Last spring, six candidates knocked off the ballot for county committee seats sued over a century-old rule requiring candidates to identify as “male” or “female” on the ballot. The rule intended to ensure 50% of seats would be women, but today, is criticized as excluding gender non-binary politicos and pitting women against each other.
In response to the April suit, Bichotte launched a task force in August to rethink the Prohibition-era gender rule.
As a temporary fix in the interim—while the task force reviews permanent solutions—the party added 84 at-large seats intended for gender non-binary or transgender Brooklynites at the November 29th meeting. But the simultaneous rule consolidating power triggered a lawsuit, alleging the party initiated a “plan to diminish and deny” committee members’ voting rights at the biennial meeting.

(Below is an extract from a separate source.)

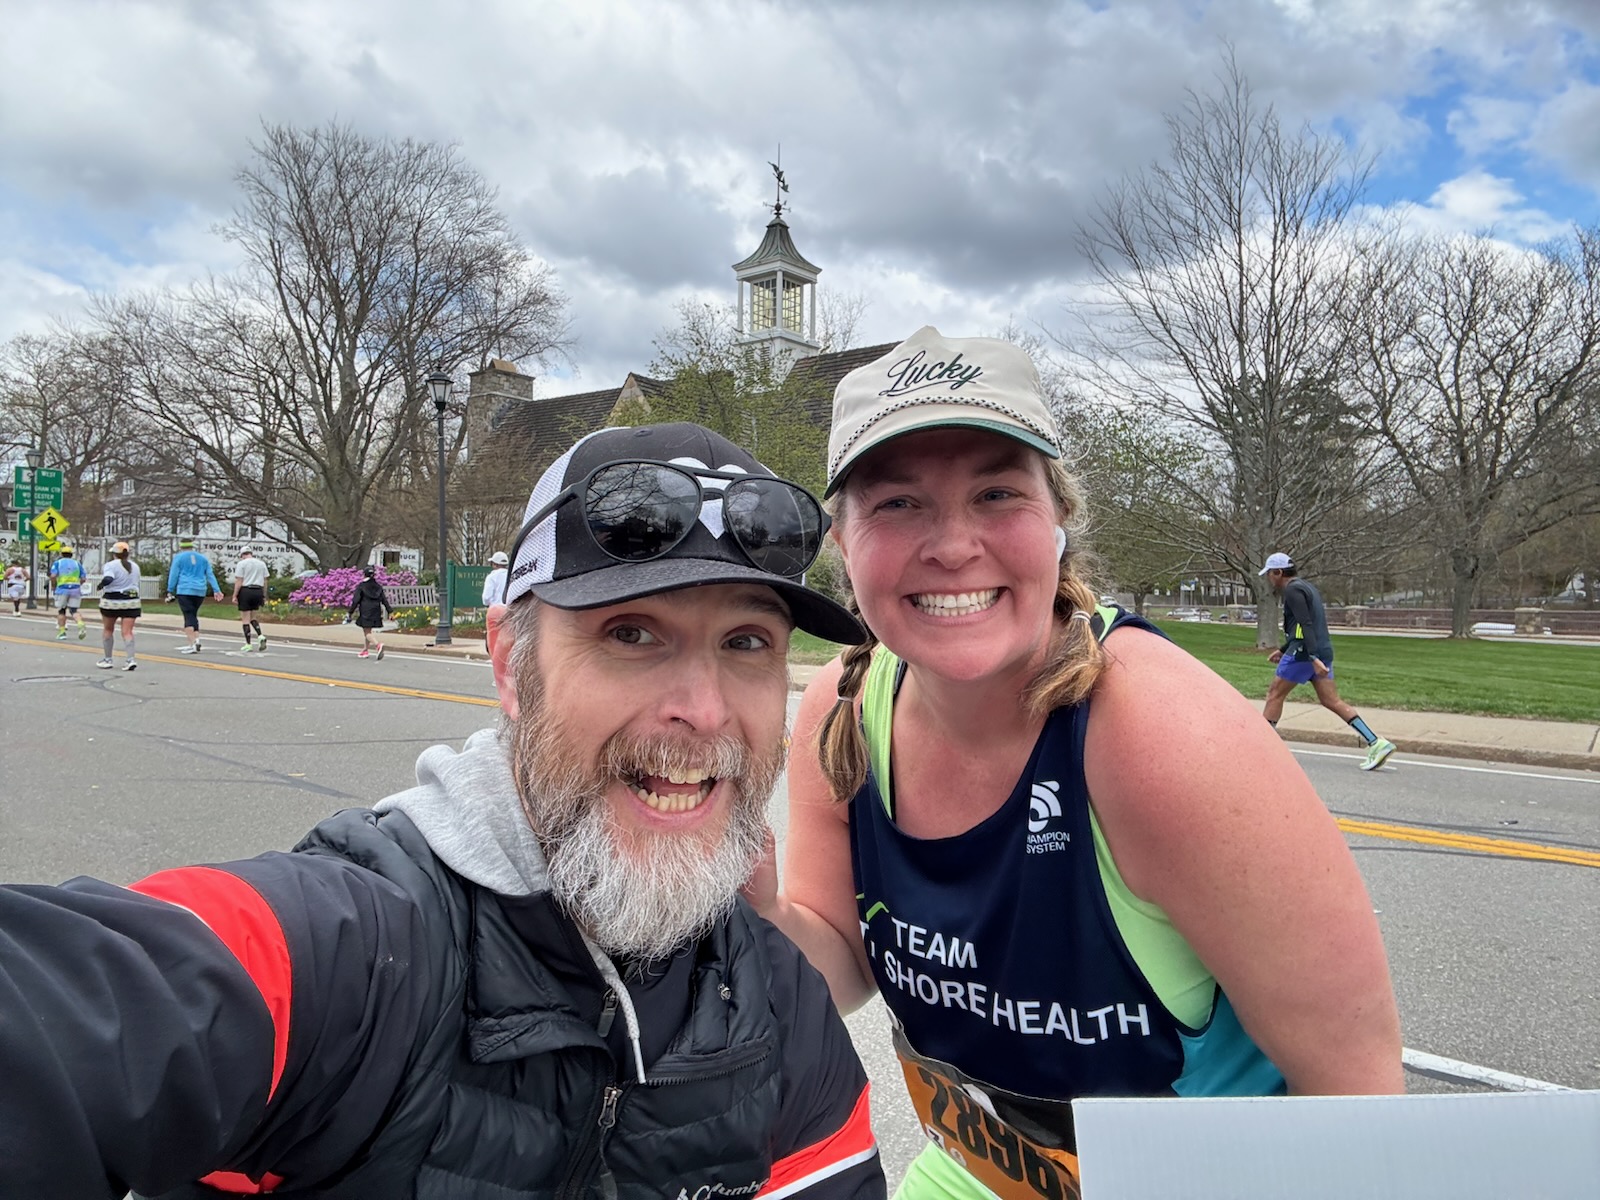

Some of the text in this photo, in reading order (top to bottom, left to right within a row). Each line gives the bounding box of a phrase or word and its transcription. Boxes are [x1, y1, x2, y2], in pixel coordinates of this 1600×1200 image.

On Thursday, a judge agreed and voided the county committee member appointments under the fast-tracked rule.
That’s what Peña, who is queer and Latinx, and others took issue with at the December meeting.
Of the interaction with Seddio last week, Peña said, “That was a pretty horrifying exchange.”
“It got really out of hand really quickly. I’m not really sure where that aggression came from,” said Peña, who was elected to the post in June and appointed to Bichotte’s gender discrimination and representation task force. He’s among a wave of reformer candidates backed by reformer club New Kings Democrats, which has for years clashed with county leadership to make the political process more transparent and open to increase grassroots participation.
The party did not make Seddio available for an interview to explain what he meant by “progressives.” In a statement on Monday, he blamed the other district leader, Schneider, for “bullying” other members.
“I reacted harshly to one member’s bullying and disrespect and I was wrong, and I apologized during the meeting,” Seddio said. “My reaction was prompted by the bullying tactics of Doug Schneider, who has consistently shown an abusive and bullying disrespect to members who voice an opinion other than his own.”
In a statement, Schneider, a candidate for City Council, called Seddio a “bully” who is “used to getting his way.”
In an earlier interview, Schneider noted: “You can’t ignore the words of the LGBT community and its leaders and do something like this and then go home and call yourself an ally and put up your rainbow flag and march in the parade.”
The meeting was expected to be contentious after the two rules were conflated. The Lambda Independent Democrats, an LGBTQ political club in Brooklyn, compared it to “pinkwashing,” a term describing someone taking pro-LGBTQ initiatives to come off as more politically progressive. For Peña, advancing greater representation should not come at the risk of reducing powers to rank-and-file members.
“It feels inauthentic, and it feels as if they're using mine and other people's identity to take over to take power. And it feels kind of gross,” Peña added.
Eventually, the timeframe for when members could submit their appointees was extended to December 6th. But the damage was done.
“I think people are starting to pick up on the divisions and the kind of the larger identity questions that the party is grappling with, at a national level,” said Kristina Naplatarski, a district leader in the 50th Assembly District backed by the New Kings Democrats. “But I think folks really need to be aware of the fact that these issues seep down through every level at the party, including down to the county level.”
Bichotte—who was not at the December 2nd meeting—wrote an op-Ed in the Brooklyn Paper touting party unity to “disavow comments and bullying that derailed the meeting and offended participants and viewers.”
“[S]ome comments made during the meeting were unacceptable and not reflective of the diverse, forward-thinking, united Democratic Party we are building,” she wrote. “No one District Leader speaks for our party as a whole, not even the last party chair.”
With reporting contributed by WNYC’s Brigid Bergin.
This article has been updated with additional information regarding a court decision.